▶ _THE PROBLEM_
Reproduce the entries word for word but drop every picture.

##### SOURCE DATA

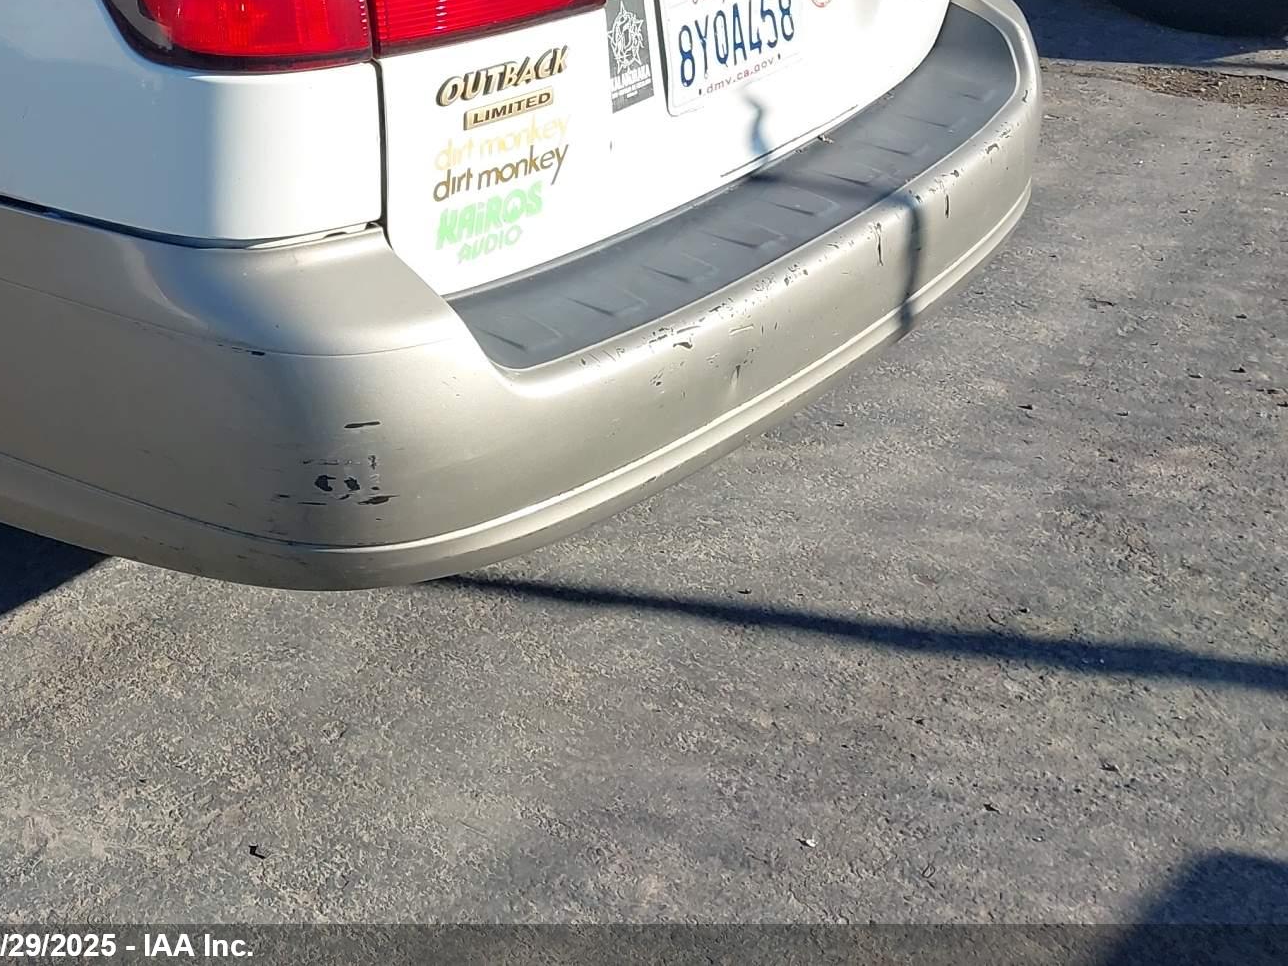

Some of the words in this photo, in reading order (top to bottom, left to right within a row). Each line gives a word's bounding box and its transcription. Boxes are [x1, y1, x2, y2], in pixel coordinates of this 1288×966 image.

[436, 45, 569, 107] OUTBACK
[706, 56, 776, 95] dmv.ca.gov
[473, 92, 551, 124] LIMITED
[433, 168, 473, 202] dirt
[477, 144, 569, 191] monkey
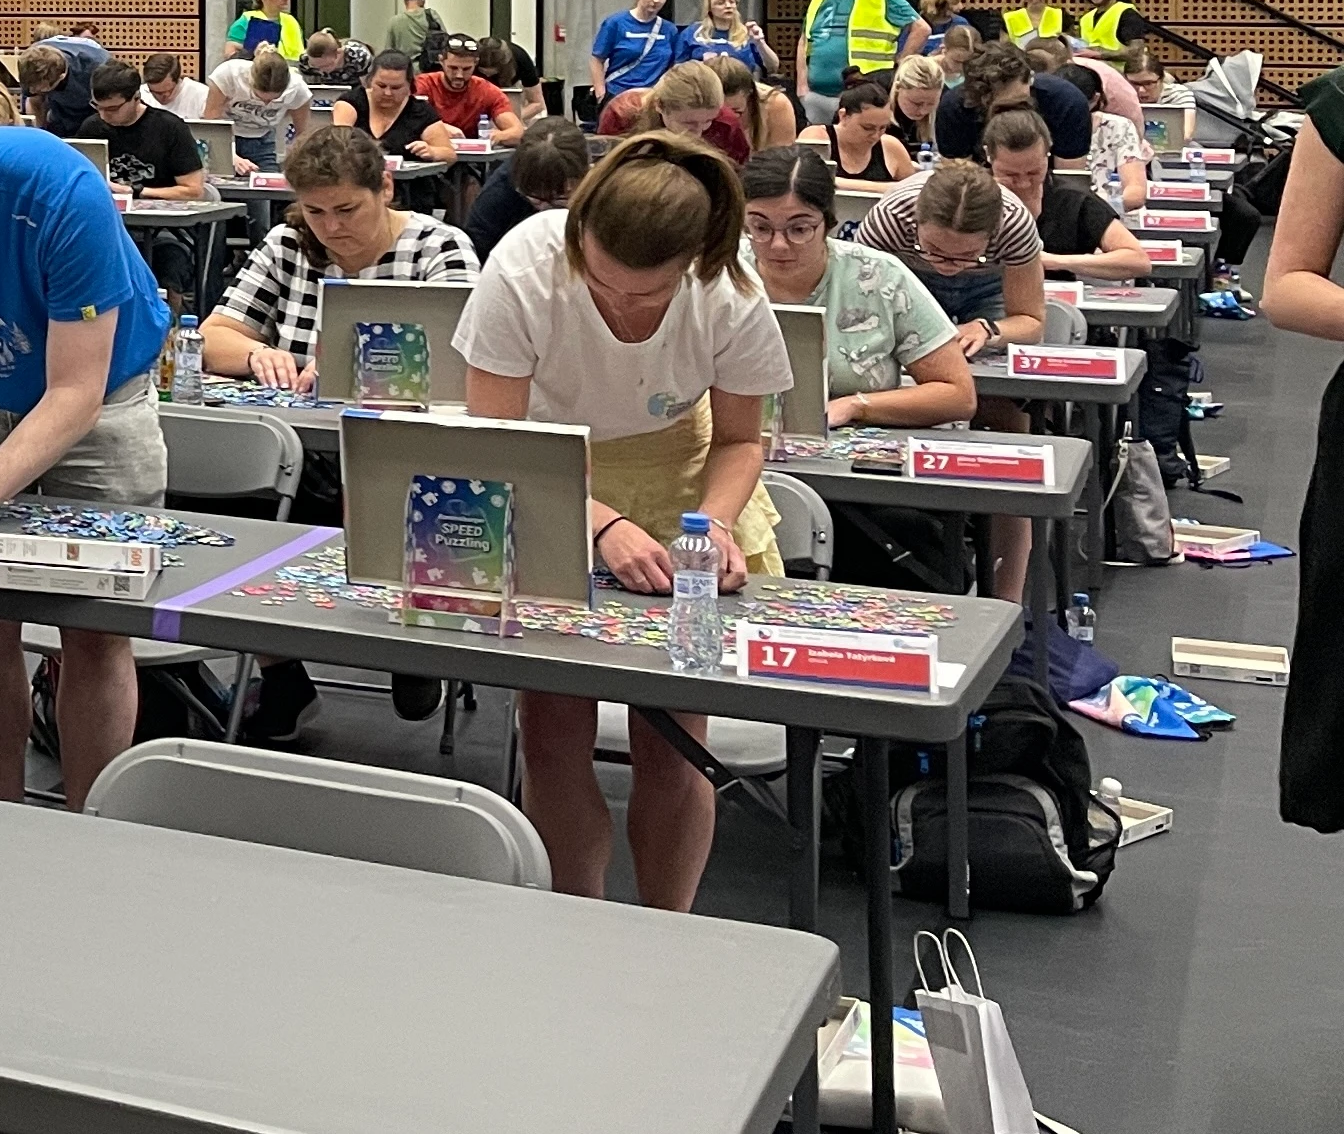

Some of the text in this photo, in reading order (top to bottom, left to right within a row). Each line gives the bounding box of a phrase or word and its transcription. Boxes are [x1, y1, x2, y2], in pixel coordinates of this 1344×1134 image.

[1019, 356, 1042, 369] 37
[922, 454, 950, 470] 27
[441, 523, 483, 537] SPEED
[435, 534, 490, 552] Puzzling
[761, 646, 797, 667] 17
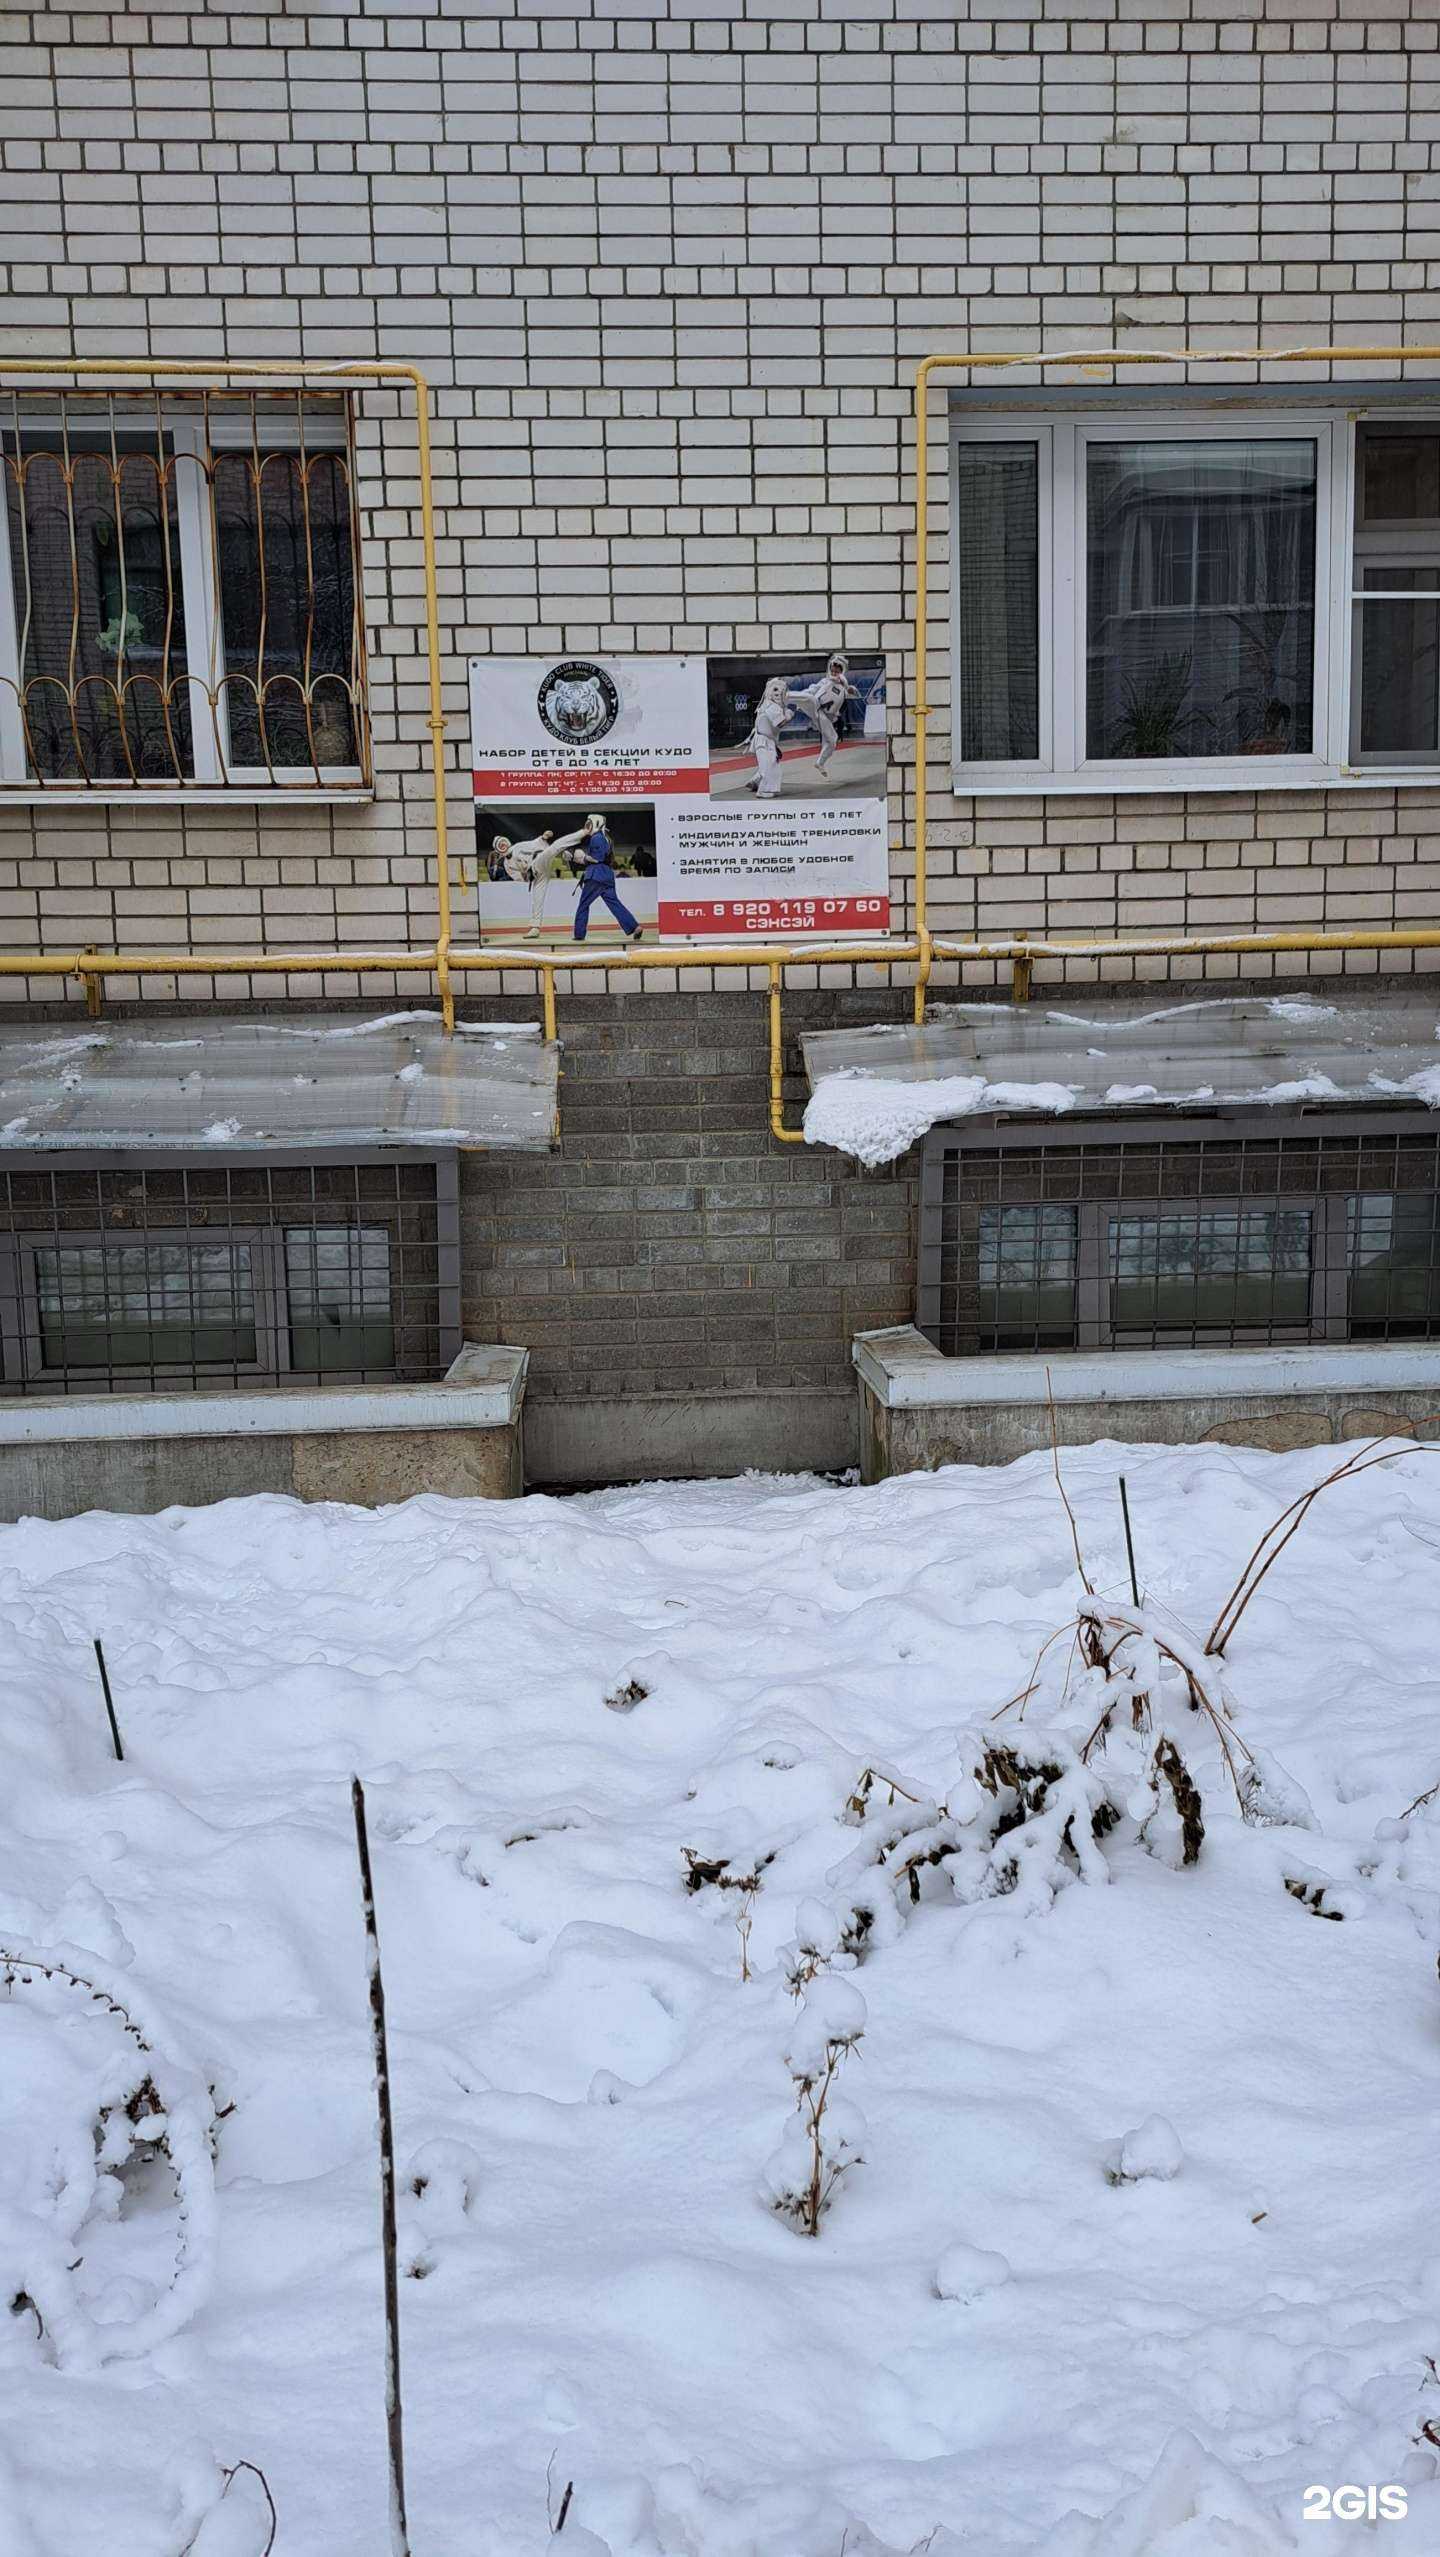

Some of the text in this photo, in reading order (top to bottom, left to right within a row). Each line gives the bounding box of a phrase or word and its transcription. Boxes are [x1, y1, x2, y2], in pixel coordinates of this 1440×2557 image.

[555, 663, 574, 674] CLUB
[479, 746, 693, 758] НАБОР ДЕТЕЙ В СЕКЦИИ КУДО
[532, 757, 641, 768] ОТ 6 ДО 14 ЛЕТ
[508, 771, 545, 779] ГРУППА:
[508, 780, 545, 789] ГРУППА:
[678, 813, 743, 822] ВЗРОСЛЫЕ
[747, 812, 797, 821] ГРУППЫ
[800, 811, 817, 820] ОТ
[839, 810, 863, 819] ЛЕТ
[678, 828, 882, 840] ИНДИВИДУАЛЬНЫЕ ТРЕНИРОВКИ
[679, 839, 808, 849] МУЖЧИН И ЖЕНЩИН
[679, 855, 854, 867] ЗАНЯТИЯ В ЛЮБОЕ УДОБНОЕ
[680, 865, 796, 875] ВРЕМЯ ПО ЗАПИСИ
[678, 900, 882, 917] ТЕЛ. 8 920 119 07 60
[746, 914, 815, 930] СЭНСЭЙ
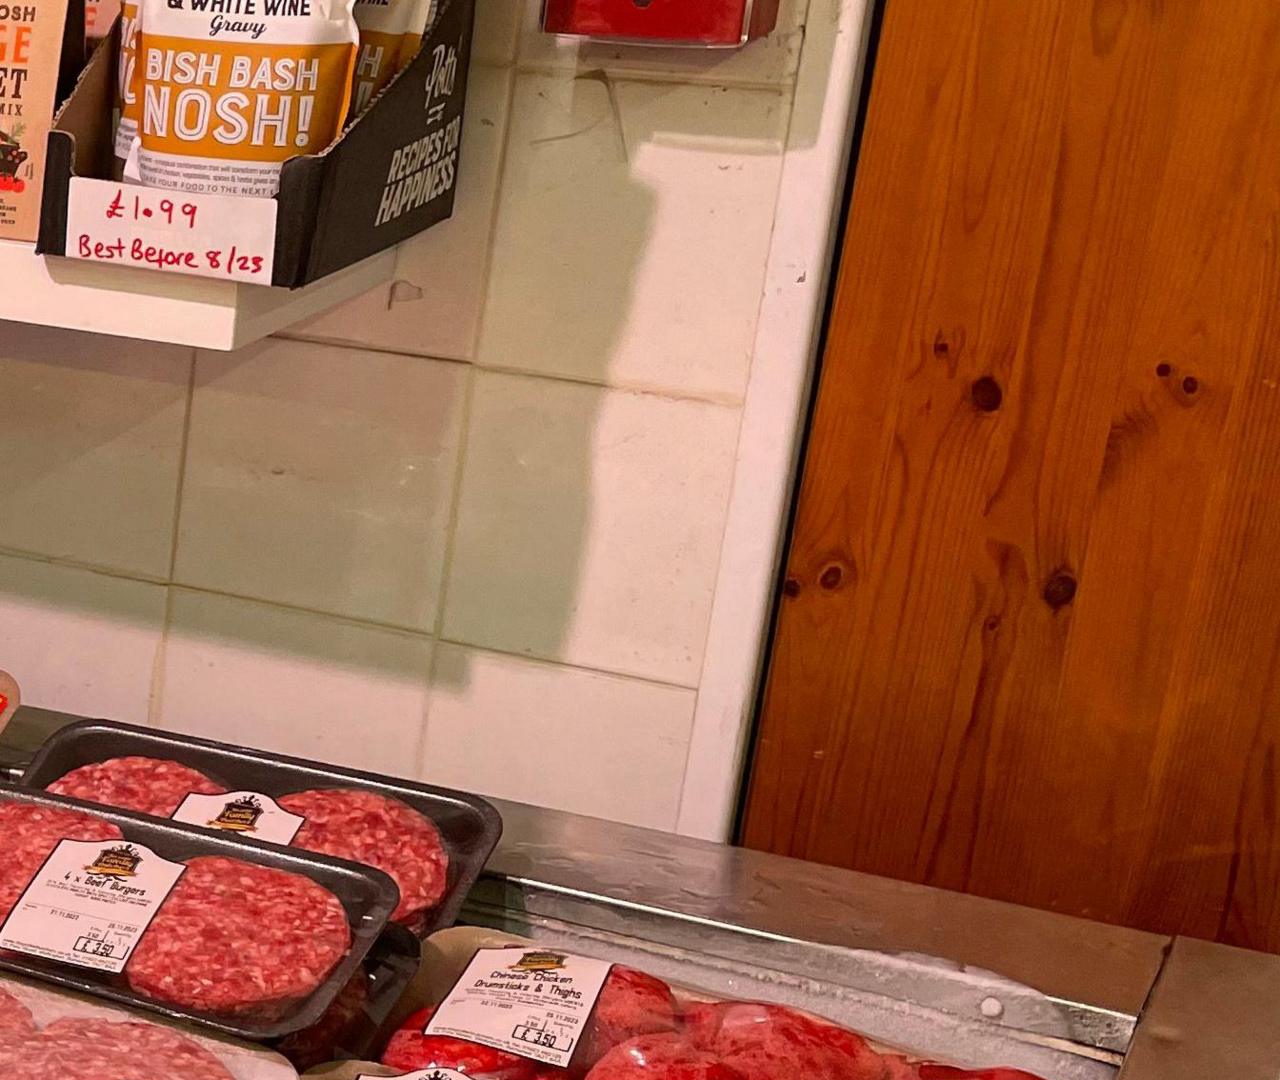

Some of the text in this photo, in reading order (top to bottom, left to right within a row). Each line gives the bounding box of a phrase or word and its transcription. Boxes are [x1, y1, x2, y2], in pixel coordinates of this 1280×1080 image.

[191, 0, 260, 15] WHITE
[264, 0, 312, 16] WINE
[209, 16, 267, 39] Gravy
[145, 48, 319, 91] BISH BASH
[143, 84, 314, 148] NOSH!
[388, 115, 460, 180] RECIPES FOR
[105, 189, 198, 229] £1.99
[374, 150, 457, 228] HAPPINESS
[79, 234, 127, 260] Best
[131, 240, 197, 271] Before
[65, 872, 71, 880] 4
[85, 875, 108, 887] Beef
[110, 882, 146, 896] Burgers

##########

▶ _TASK RESULT_
Some of the words in this photo, in reading order (top to bottom, left to right within a row). Each line gives a word's bounding box and its transcription. Boxes are [x1, y1, x2, y2], in pixel coordinates of this 1288×966 image.

[436, 45, 569, 107] OUTBACK
[706, 56, 776, 95] dmv.ca.gov
[473, 92, 551, 124] LIMITED
[433, 168, 473, 202] dirt
[477, 144, 569, 191] monkey

Some of the text in this photo, in reading order (top to bottom, left to right within a row). Each line gives the bounding box of a phrase or word and its transcription. Boxes are [x1, y1, x2, y2], in pixel coordinates of this 1344×1134 image.

[1019, 356, 1042, 369] 37
[922, 454, 950, 470] 27
[441, 523, 483, 537] SPEED
[435, 534, 490, 552] Puzzling
[761, 646, 797, 667] 17

Some of the text in this photo, in reading order (top to bottom, left to right within a row). Each line gives the bounding box of a phrase or word and its transcription. Boxes are [x1, y1, x2, y2], in pixel coordinates of this 1440×2557 image.

[555, 663, 574, 674] CLUB
[479, 746, 693, 758] НАБОР ДЕТЕЙ В СЕКЦИИ КУДО
[532, 757, 641, 768] ОТ 6 ДО 14 ЛЕТ
[508, 771, 545, 779] ГРУППА:
[508, 780, 545, 789] ГРУППА:
[678, 813, 743, 822] ВЗРОСЛЫЕ
[747, 812, 797, 821] ГРУППЫ
[800, 811, 817, 820] ОТ
[839, 810, 863, 819] ЛЕТ
[678, 828, 882, 840] ИНДИВИДУАЛЬНЫЕ ТРЕНИРОВКИ
[679, 839, 808, 849] МУЖЧИН И ЖЕНЩИН
[679, 855, 854, 867] ЗАНЯТИЯ В ЛЮБОЕ УДОБНОЕ
[680, 865, 796, 875] ВРЕМЯ ПО ЗАПИСИ
[678, 900, 882, 917] ТЕЛ. 8 920 119 07 60
[746, 914, 815, 930] СЭНСЭЙ

Some of the text in this photo, in reading order (top to bottom, left to right within a row). Each line gives the bounding box of a phrase or word and its transcription. Boxes are [x1, y1, x2, y2], in pixel coordinates of this 1280×1080 image.

[191, 0, 260, 15] WHITE
[264, 0, 312, 16] WINE
[209, 16, 267, 39] Gravy
[145, 48, 319, 91] BISH BASH
[143, 84, 314, 148] NOSH!
[388, 115, 460, 180] RECIPES FOR
[105, 189, 198, 229] £1.99
[374, 150, 457, 228] HAPPINESS
[79, 234, 127, 260] Best
[131, 240, 197, 271] Before
[65, 872, 71, 880] 4
[85, 875, 108, 887] Beef
[110, 882, 146, 896] Burgers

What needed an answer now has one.